What you have to do:
Exactly as they appear, output all of the records. Skip any images.

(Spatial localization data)
***

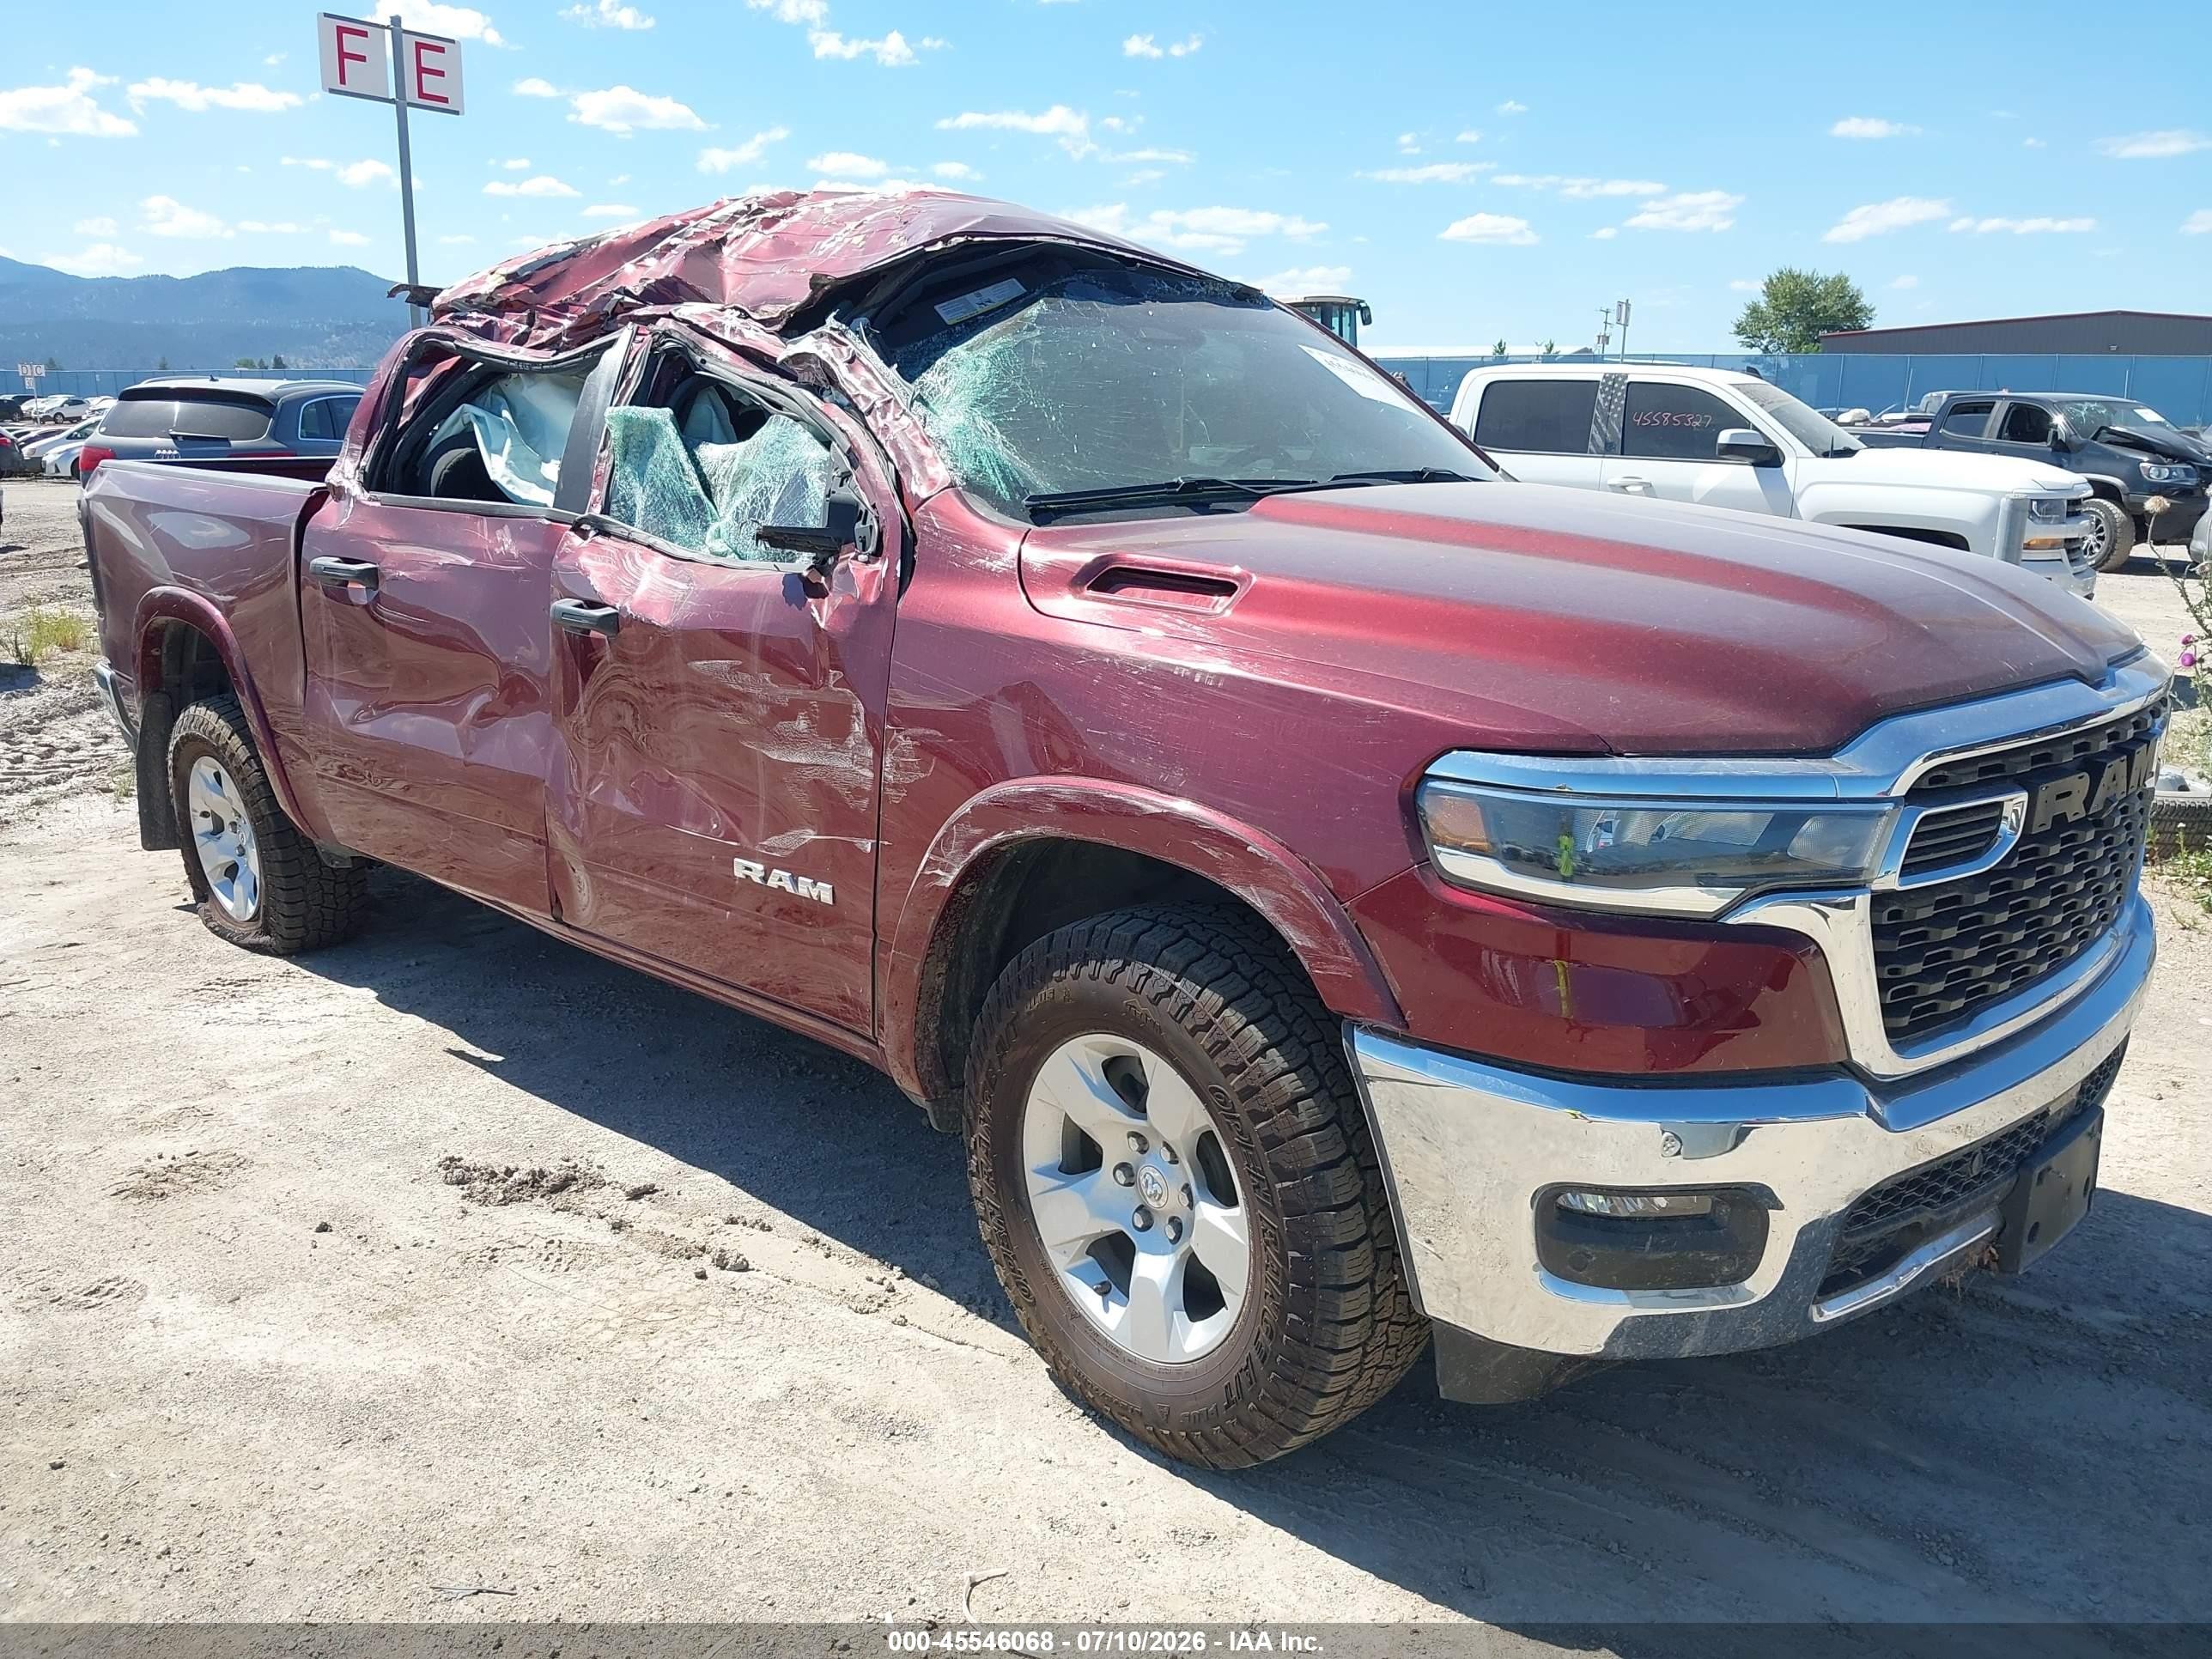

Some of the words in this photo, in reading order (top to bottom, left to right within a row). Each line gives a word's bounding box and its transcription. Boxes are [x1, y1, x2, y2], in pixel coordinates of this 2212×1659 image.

[336, 25, 368, 86] F
[414, 40, 449, 104] E
[21, 365, 28, 375] D
[34, 365, 43, 375] C
[1632, 411, 1712, 428] 45585327
[2030, 734, 2159, 835] RAM
[733, 857, 834, 906] RAM
[1207, 1084, 1272, 1205] OPEN
[1223, 1350, 1257, 1413] A/T

***

Solved exercise:
Some of the words in this photo, in reading order (top to bottom, left to right within a row). Each line gives a word's bounding box and its transcription. Boxes are [x1, y1, x2, y2], in pixel coordinates of this 2212×1659 image.

[336, 25, 368, 86] F
[414, 40, 449, 104] E
[21, 365, 28, 375] D
[34, 365, 43, 375] C
[1632, 411, 1712, 428] 45585327
[2030, 734, 2159, 835] RAM
[733, 857, 834, 906] RAM
[1207, 1084, 1272, 1205] OPEN
[1223, 1350, 1257, 1413] A/T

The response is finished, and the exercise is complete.